How I learned to stop worrying and really love lists
December 14, 2012 Leave a comment
One of the first weird things to get used to in R is unlearning some of the things that you think you know. As often happens, this reminds me of a quote I once read about Zen, which went about like this (I’m paraphrasing), “When I knew nothing of Zen, mountains were mountains, rivers were rivers and the sky was the sky. When I knew a little of Zen, the mountains were not mountains, the rivers were not rivers and the sky was not the sky. When I fully understood Zen, mountains were mountains, rivers were rivers and the sky was the sky.” When I knew a little bit of R, a list was not a list. Actually, I wasn’t sure what to make of it. Is it a structure? Is it a linked list? Is it an oject array?
I’m slowly reaching the point where I begin to understand that a list is a list. I’m not fully Zen on lists yet, but I do know this. I think they might be awesome. For me, the first circle of enlightenment for R comes when I realize how much more powerful and flexible it is than any of the other tools I’ve used (yes, even Matlab). The second circle of enlightenment comes with an appreciation of the apply functions and that means understanding lists. Here’s a very simple construct that I’ve started applying (ha!) often:
df = GetTriangleData() lCompanyDFs = split(df, df$GRCODE) lProjections = lapply(lCompanyDFs, SomeFunction) dfResults = do.call("rbind", lProjections)
Here’s how the process works in a nutshell: 1) Get a pile of data, which contains at least one categorical variable. In the NFL data set, that’s a team, in the NAIC insurance data set (to be discussed in a forthcoming post), that’s an insurance company. 2) Split the data. This will return a list whose elements are all dataframes. (Or at least in this case it will.) 3) Apply some function across the entire list. 4) Stitch the results back together with a call to rbind. Lather. Rinse. Repeat.

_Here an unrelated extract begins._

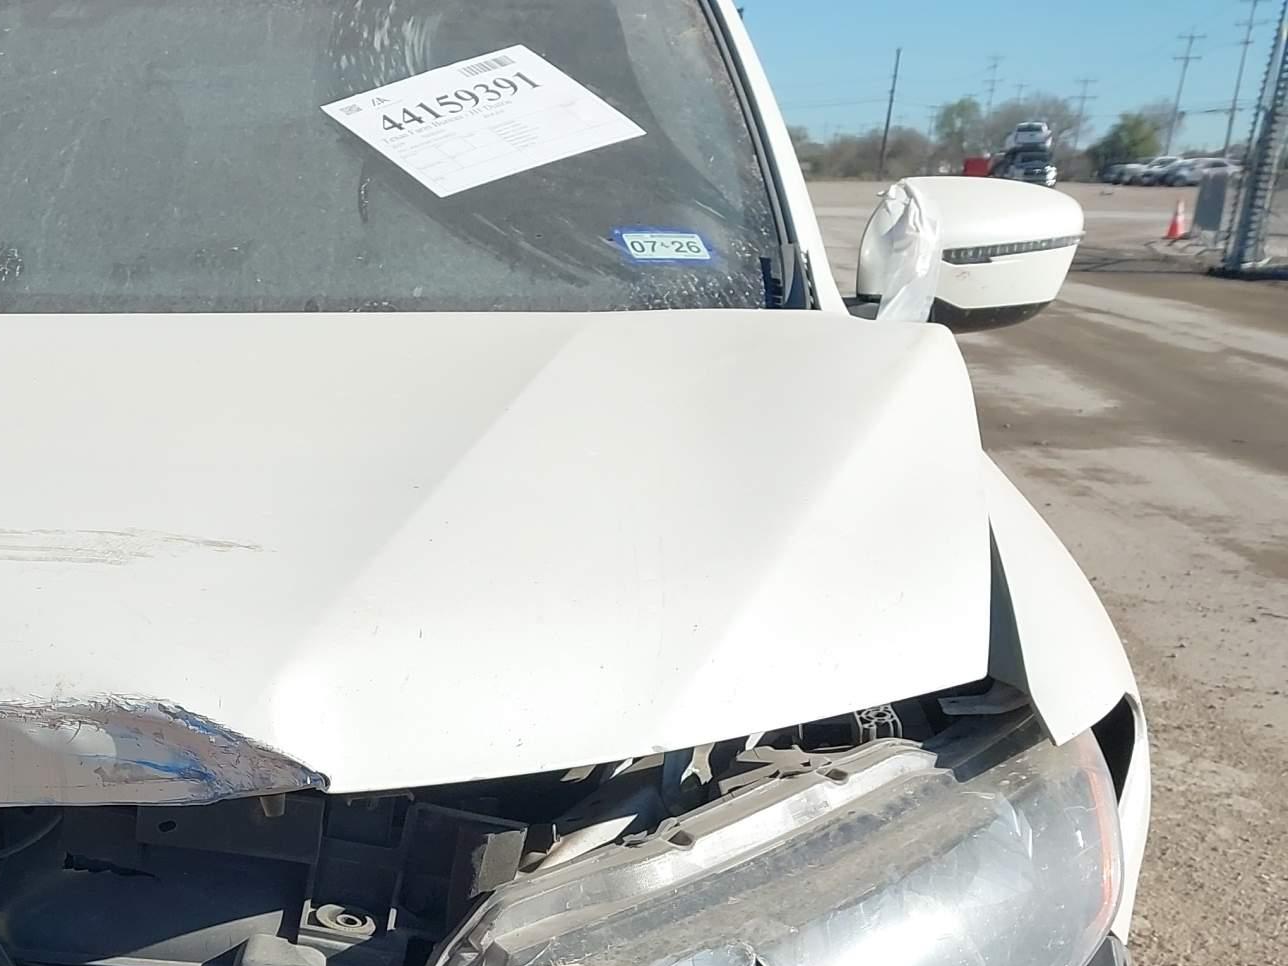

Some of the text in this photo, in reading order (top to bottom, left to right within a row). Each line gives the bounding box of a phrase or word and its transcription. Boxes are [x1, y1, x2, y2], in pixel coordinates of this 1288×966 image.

[382, 71, 542, 131] 44159391
[630, 240, 701, 254] 07 26

Once you’re in the second circle of enlightenment, you’ll never again write a “for” loop. This has been a lifesaver to me when I’m trying to crunch through a giant set of data. I can pull data from our warehouse and carry out routine actions for each of our 500 accounts, for each of our lines of business, for each accident/policy year, etc. I split the data along a different access and the rest of the analysis pretty much takes care of itself.